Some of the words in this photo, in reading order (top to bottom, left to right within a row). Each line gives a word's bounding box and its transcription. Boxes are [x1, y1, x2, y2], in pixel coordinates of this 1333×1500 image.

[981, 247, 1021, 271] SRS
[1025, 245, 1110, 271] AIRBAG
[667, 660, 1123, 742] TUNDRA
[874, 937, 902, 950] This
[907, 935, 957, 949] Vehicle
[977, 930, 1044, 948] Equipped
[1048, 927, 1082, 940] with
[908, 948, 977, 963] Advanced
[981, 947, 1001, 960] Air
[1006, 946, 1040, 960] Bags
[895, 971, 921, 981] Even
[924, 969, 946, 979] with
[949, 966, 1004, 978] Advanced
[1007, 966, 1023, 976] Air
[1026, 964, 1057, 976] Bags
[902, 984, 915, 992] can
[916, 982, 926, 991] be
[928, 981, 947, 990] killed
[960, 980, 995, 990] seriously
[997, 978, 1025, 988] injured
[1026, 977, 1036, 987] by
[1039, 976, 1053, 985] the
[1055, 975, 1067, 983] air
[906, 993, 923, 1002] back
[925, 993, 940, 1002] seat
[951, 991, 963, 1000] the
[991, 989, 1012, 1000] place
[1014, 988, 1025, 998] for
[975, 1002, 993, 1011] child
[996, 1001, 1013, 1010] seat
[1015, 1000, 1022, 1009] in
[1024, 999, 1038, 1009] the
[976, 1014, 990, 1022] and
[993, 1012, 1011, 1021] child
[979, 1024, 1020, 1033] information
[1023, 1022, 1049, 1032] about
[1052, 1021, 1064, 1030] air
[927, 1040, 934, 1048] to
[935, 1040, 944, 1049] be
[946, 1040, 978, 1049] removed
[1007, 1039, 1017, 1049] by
_ _ _ _ _ _ _
Take the records and restate them word for word.

Some of the words in this photo, in reading order (top to bottom, left to right within a row). Each line gives a word's bounding box and its transcription. Boxes are [x1, y1, x2, y2], in pixel coordinates of this 1333×1500 image.

[981, 247, 1021, 271] SRS
[1025, 245, 1110, 271] AIRBAG
[667, 660, 1123, 742] TUNDRA
[874, 937, 902, 950] This
[907, 935, 957, 949] Vehicle
[977, 930, 1044, 948] Equipped
[1048, 927, 1082, 940] with
[908, 948, 977, 963] Advanced
[981, 947, 1001, 960] Air
[1006, 946, 1040, 960] Bags
[895, 971, 921, 981] Even
[924, 969, 946, 979] with
[949, 966, 1004, 978] Advanced
[1007, 966, 1023, 976] Air
[1026, 964, 1057, 976] Bags
[902, 984, 915, 992] can
[916, 982, 926, 991] be
[928, 981, 947, 990] killed
[960, 980, 995, 990] seriously
[997, 978, 1025, 988] injured
[1026, 977, 1036, 987] by
[1039, 976, 1053, 985] the
[1055, 975, 1067, 983] air
[906, 993, 923, 1002] back
[925, 993, 940, 1002] seat
[951, 991, 963, 1000] the
[991, 989, 1012, 1000] place
[1014, 988, 1025, 998] for
[975, 1002, 993, 1011] child
[996, 1001, 1013, 1010] seat
[1015, 1000, 1022, 1009] in
[1024, 999, 1038, 1009] the
[976, 1014, 990, 1022] and
[993, 1012, 1011, 1021] child
[979, 1024, 1020, 1033] information
[1023, 1022, 1049, 1032] about
[1052, 1021, 1064, 1030] air
[927, 1040, 934, 1048] to
[935, 1040, 944, 1049] be
[946, 1040, 978, 1049] removed
[1007, 1039, 1017, 1049] by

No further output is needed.